ASSIGNMENT
Everything in the listing below should be repeated verbatim, apart from the pictures.

RECORD SET
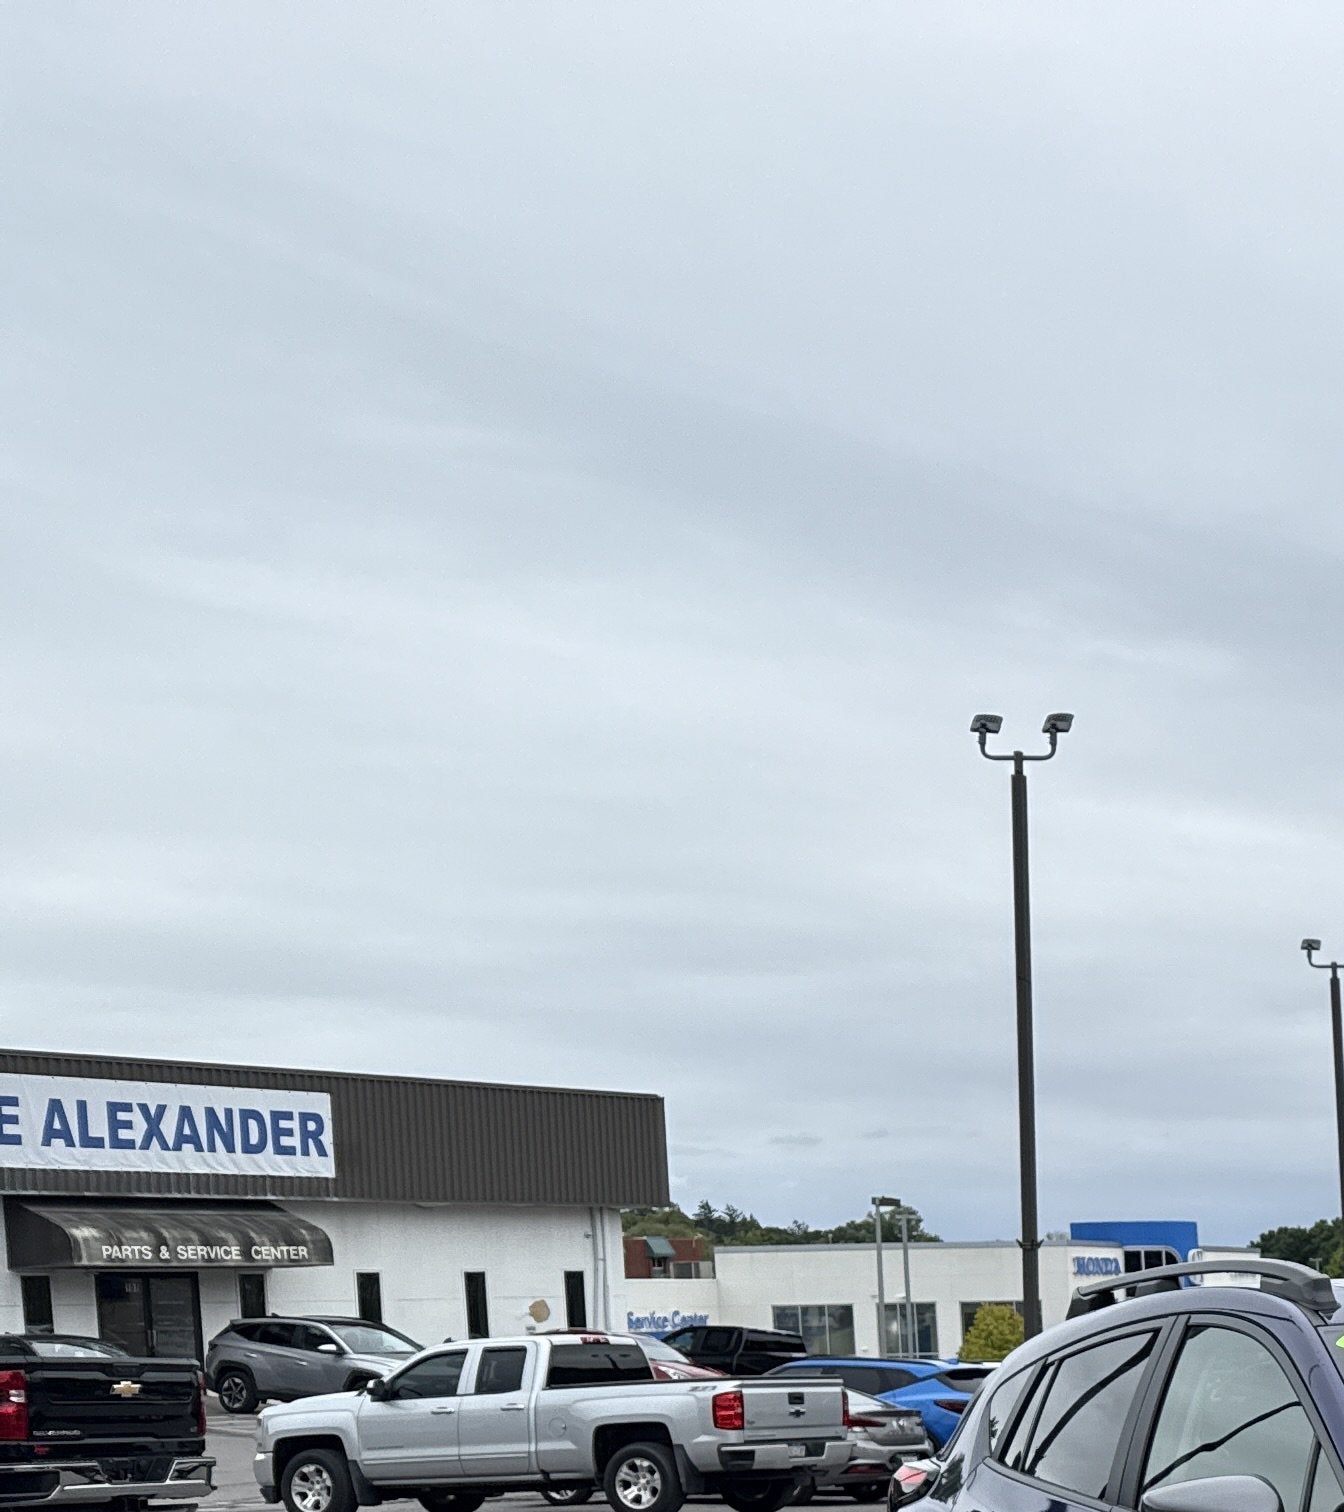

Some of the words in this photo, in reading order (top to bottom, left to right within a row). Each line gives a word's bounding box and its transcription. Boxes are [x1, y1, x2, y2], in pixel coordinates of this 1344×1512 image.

[41, 1097, 329, 1158] ALEXANDER
[102, 1245, 152, 1260] PARTS
[159, 1245, 170, 1260] &
[177, 1245, 241, 1260] SERVICE
[251, 1245, 309, 1260] CENTER
[1073, 1257, 1121, 1275] HONDA
[627, 1311, 668, 1329] Service
[672, 1310, 709, 1328] Center

OUTPUT
Some of the words in this photo, in reading order (top to bottom, left to right within a row). Each line gives a word's bounding box and its transcription. Boxes are [x1, y1, x2, y2], in pixel coordinates of this 1344×1512 image.

[41, 1097, 329, 1158] ALEXANDER
[102, 1245, 152, 1260] PARTS
[159, 1245, 170, 1260] &
[177, 1245, 241, 1260] SERVICE
[251, 1245, 309, 1260] CENTER
[1073, 1257, 1121, 1275] HONDA
[627, 1311, 668, 1329] Service
[672, 1310, 709, 1328] Center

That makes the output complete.